Venice, not only tourism

02 Nov 2019

Enclosed by the Adriatic Sea, the Venetian Lagoon, along with offering an escape from the thousands of tourists that flood Venice every year, also provides a peek into the rich gastronomic potential of the region. Formed six to seven thousand years ago, when the marine transgression following the Ice Age flooded the upper Adriatic coastal plain, the lagoon acts as a unique crossover point for water and land, agriculture and commerce, food and culture.


The region’s gastronomy springs from the variety offered by its peculiar environment – fish from the lagoon and the sea become food for inhabitants just as the vegetables and fruits from the coasts do.

But some of the products from the region that share a special link with the local territory as well as communities include ghiozzo gò (grass goby), moeche and masanee (green crab), Sant’Erasmo (violet artichoke) and the dorona grape.

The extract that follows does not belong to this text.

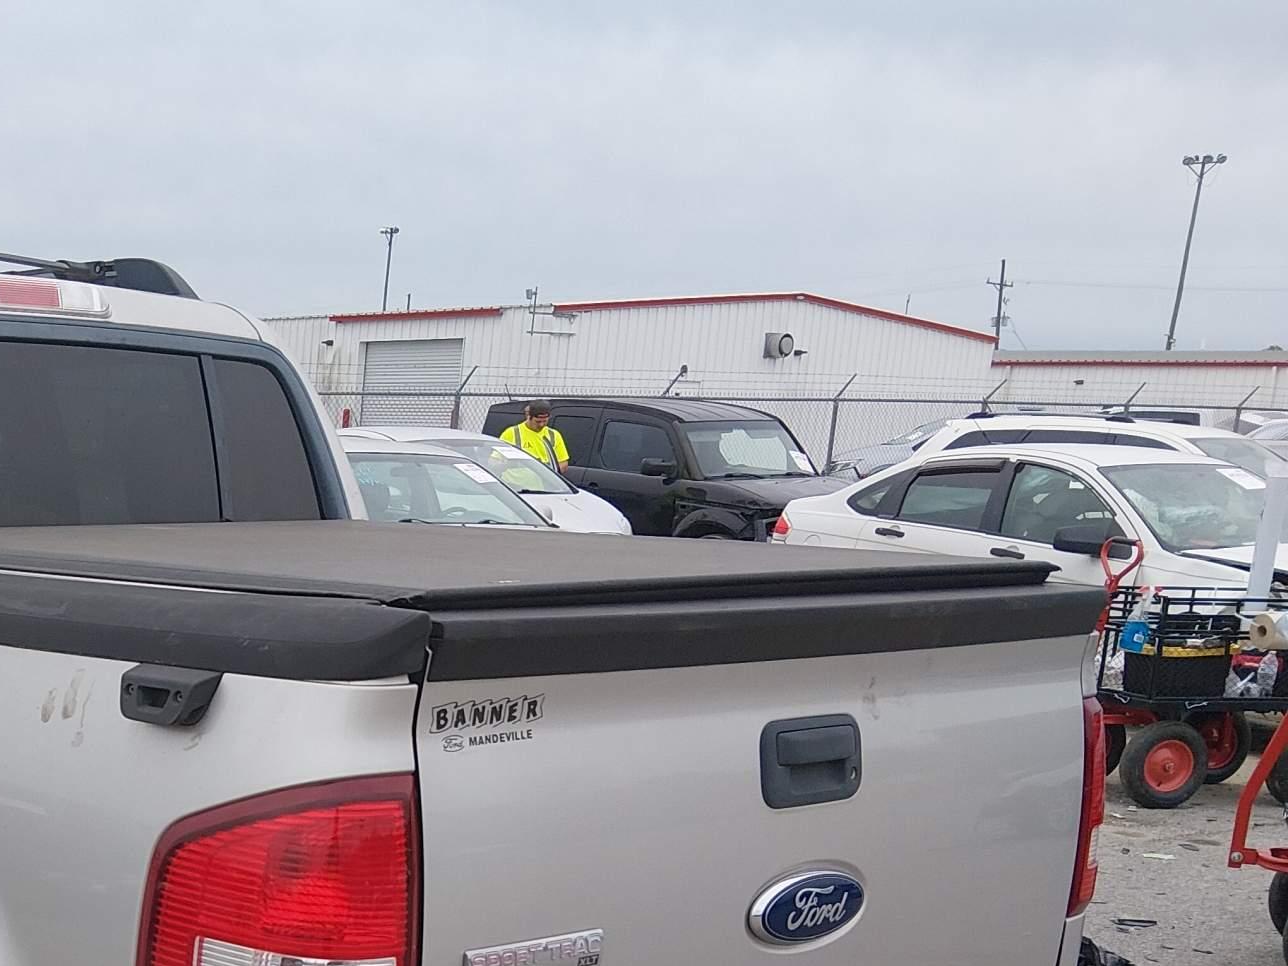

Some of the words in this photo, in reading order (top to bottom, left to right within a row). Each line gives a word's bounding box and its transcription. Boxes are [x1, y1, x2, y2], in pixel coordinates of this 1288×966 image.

[434, 698, 540, 731] BANNER
[468, 729, 533, 747] MANDEVILLE
[787, 885, 849, 930] Ford
[545, 932, 602, 962] TRAC

Ghiozzo gò, also known as the grass goby, is a fish that thrives in mud-bottomed lagoons of the Adriatic basin and is currently the only member of its genus that is known. Though the grass goby is part of the diet of other sea creatures such as the toad goby and habour propoise, the fish used to be considered the food of the poor before it began to be featured in popular Venetian dishes including risotto di gò. Commercial fishing of the grass goby includes the use of nets called martevelli and traps known as cheba da gò. In recent years, the ghiozzo gò has dwindled in numbers due to environmental changes that have led to a destruction of their habitat.

 width=Come autumn or early spring, the lagoon offers a chance to catch soft-shelled crabs called moeche (translates to “soft”) that have been harvested in the region for about 300 years. The crabs, both male and female, become moeche when they moult, leaving behind their old shell. Once caught, the crabs are distinguished on the basis of the moulting stages – boni (those that will moult within the next few days), spiantani (moult within the next couple of days) and matti (which will not moult at all). The matti are then thrown back into the lagoon while the boni and spiantani are kept until they moult for consumption.

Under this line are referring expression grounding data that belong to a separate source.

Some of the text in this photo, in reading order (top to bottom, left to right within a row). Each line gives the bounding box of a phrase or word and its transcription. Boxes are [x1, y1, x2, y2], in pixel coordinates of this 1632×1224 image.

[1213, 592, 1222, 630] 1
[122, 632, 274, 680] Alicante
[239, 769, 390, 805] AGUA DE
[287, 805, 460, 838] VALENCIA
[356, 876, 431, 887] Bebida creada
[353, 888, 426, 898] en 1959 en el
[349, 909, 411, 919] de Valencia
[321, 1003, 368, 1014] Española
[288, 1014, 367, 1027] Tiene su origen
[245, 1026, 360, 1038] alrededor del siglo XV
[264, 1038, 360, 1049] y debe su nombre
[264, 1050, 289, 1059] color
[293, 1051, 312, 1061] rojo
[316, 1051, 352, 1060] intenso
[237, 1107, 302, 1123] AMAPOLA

A typical preparation involves dipping the crabs in beaten eggs, before dredging them in coarse flour and deep-frying them until golden-brown. Another Venetian classic that avails of moeche is fritto misto, where it shares the stage with other seasonal delicacies such as anchovies, squid and mantis shrimp.

The female of the species, masanete, are a delicacy in their own right, enjoyed at the end of summer, when their ovaries are considered ripe and plump.

The vegetation-covered island in the northern part of the lagoon, Sant’Erasmo, yields violet artichokes that look like roses. These tender, spiny and elongated artichokes are harvested in the month of April, traditionally fertilised with scoassa (household waste) or shells, which reduce the acidity of the soil.


Commonly called the Rose Artichoke because of its particular shape and open leaves, reminiscent of its namesake, it is cultivated on the Sant’Erasmo island.

In a bid to promote the “new gastronomy” concept, Slow Food-Central Europe project has forged a new alliance between five cities: Venice, Dubrovnik, Brno, Kecskemét and Krakow. These cities and the unique products they offer exemplify our multidisciplinary approach to food that recognises and further strengthens the relationship between the plate, the planet and its people.